WNT pathway activation in S1. The WNT signaling pathway is perhaps the best characterized oncogenic pathway in HCC, with pathway activation occurring through β-catenin mutation (specifically via mutation in exon 3 in up to 44% of cases) and less frequently in AXIN1 (<10% of cases; refs. 2, 3). We addressed WNT status with regard to HCC subclass in two ways. First, we performed GSEA analysis using an experimentally defined WNT activation signature. We found strong enrichment of the WNT signature in subclass S1 compared with S2 or S3 (FDR = 0.03; Supplementary Table S7), suggesting preferential WNT activation in S1 tumors. We validated this result via immunohistochemistry for β-catenin (the principal downstream effector of WNT in HCC) and found that S1 tumors indeed had higher levels of cytoplasmic β-catenin protein expression compared with the other subclasses (0.001), again indicating preferential activation of the canonical WNT pathway in S1 (Fig. 2C; ref. 29). In addition, we found that shRNAs targeting β-catenin resulted in growth inhibition when introduced into the SNU-387 cell line (predicted to be subclass S1), thereby further supporting the hypothesis that WNT activation is functionally important in S1 tumors (Fig. 2D).
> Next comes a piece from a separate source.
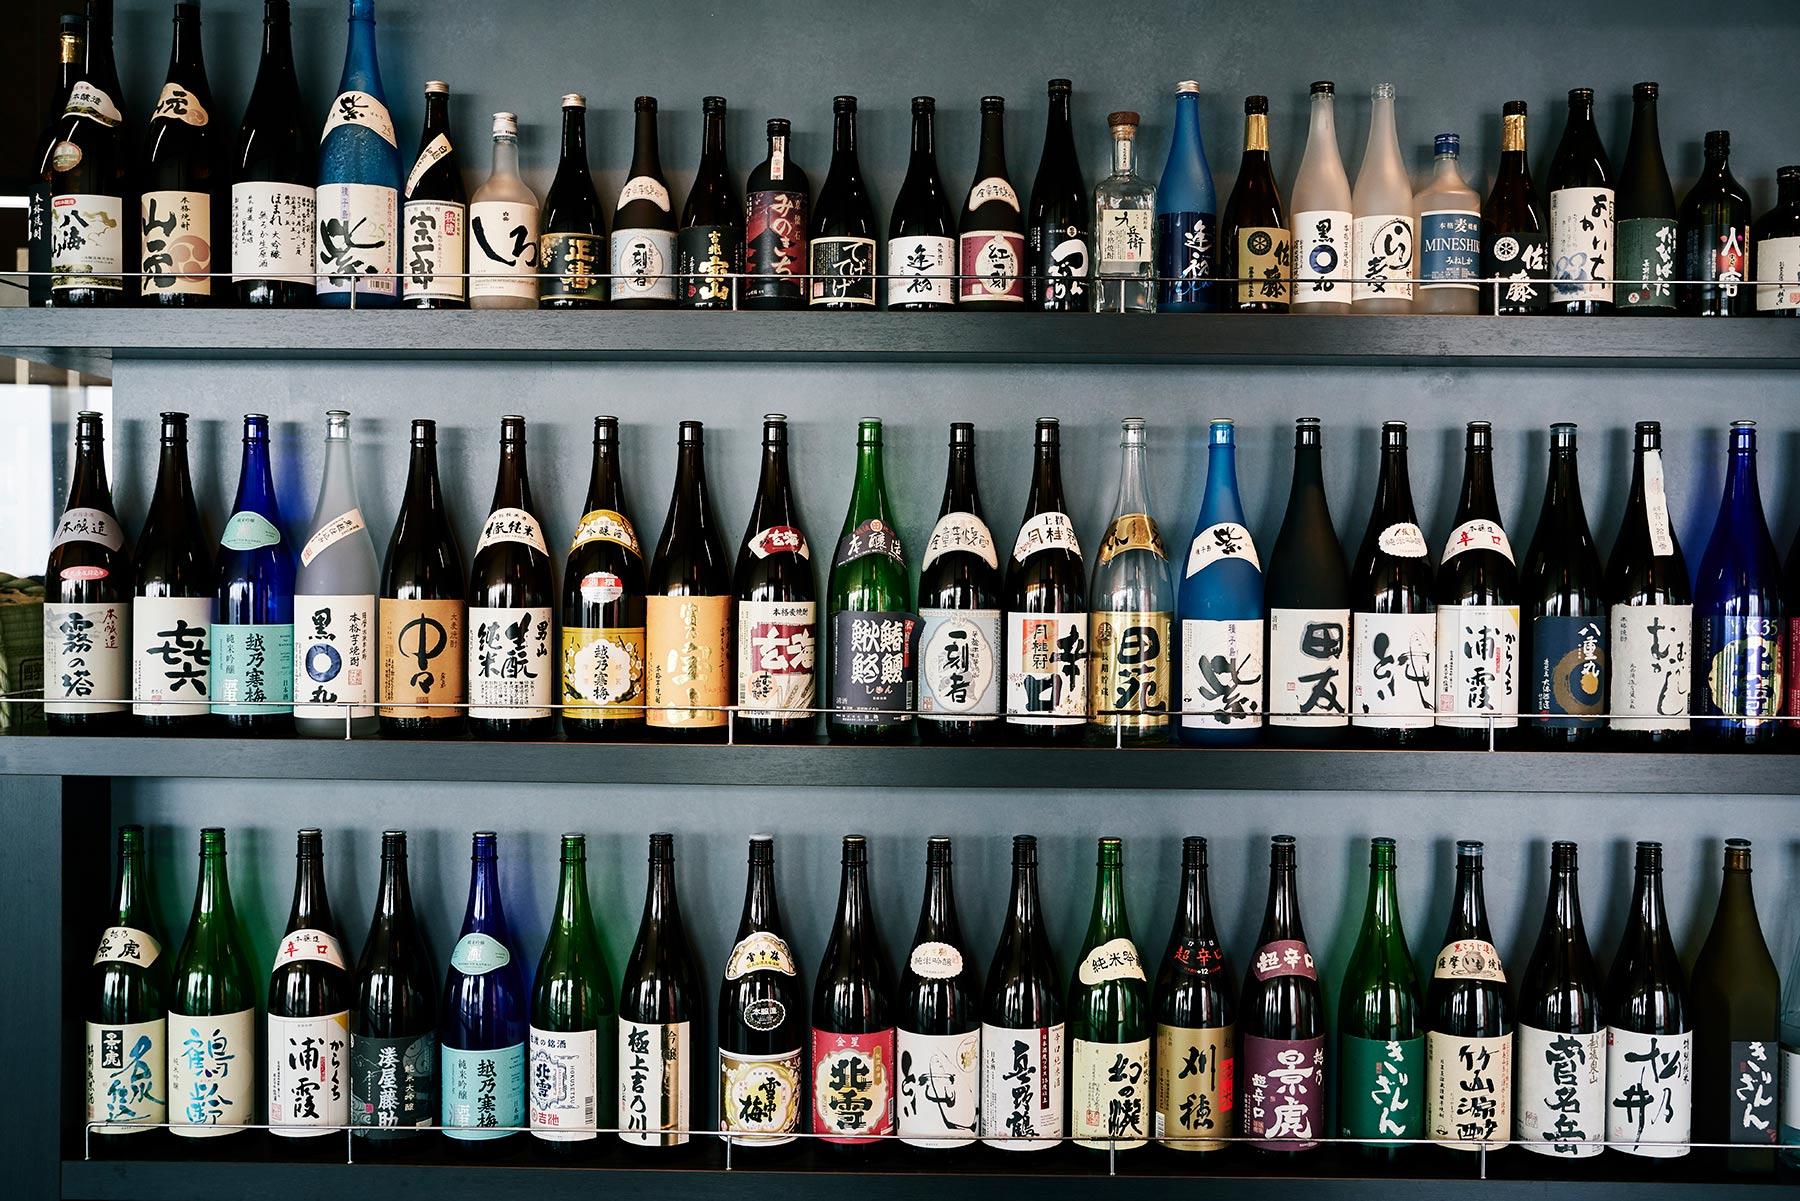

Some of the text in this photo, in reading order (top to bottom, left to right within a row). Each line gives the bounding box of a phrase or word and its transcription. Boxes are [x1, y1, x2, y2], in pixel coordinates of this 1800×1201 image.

Mechanisms of WNT activation in S1 tumors. Having determined that S1 tumors exhibit preferential activation of the WNT/β-catenin pathway, we next addressed potential mechanisms for this activity. We first asked whether the S1 tumors were associated with β-catenin mutation in HCC-H data set, for which we previously sequenced exon 3 of β-catenin gene (11). Surprisingly, β-catenin mutations were preferentially found in S3 tumors, consistent with previously reported “CTNNB1” class representing a subset of S3 (11, 30). This result is also consistent with recent evidence indicating that β-catenin mutations do not regulate the canonical WNT target genes (e.g., cyclin D1 and MYC) that characterize our S1-associated WNT activation signature (31). These results further suggest that the WNT pathway is activated in S1 tumors by a mechanism other than β-catenin mutation.

To explore alternate explanations for WNT pathway activation, we again turned to GSEA, asking whether other gene sets (signatures) enriched in S1 tumors might provide insight into WNT activation in these tumors. Strikingly, we observed strong overexpression of TGF-β target gene sets (i.e., genes expressed as a result of experimental activation of TGF-β) in S1 tumors (Supplementary Table S7). We similarly observed enrichment of a gene set associated with epithelial-to-mesenchymal transition, a phenomenon implicated in tumor invasion and metastasis (32) and known to be regulated by TGF-β signaling in HCC (Supplementary Table S7; refs. 33, 34). Furthermore, a previously reported TGF-β activation signature associated with an invasive phenotype (35) showed strong enrichment in S1 (Supplementary Table S6). We observed no genomic copy number change associated with S1 subclass in TGFB1 locus, suggesting that chromosomal aberration is not the causative mechanism of the activation (Supplementary Fig. S4). These results indicate that TGF-β and WNT signaling co-occur in the same HCC subclass (subclass S1), and suggest the hypothesis that TGF-β might in some way lead to WNT activity that defines the S1 molecular phenotype.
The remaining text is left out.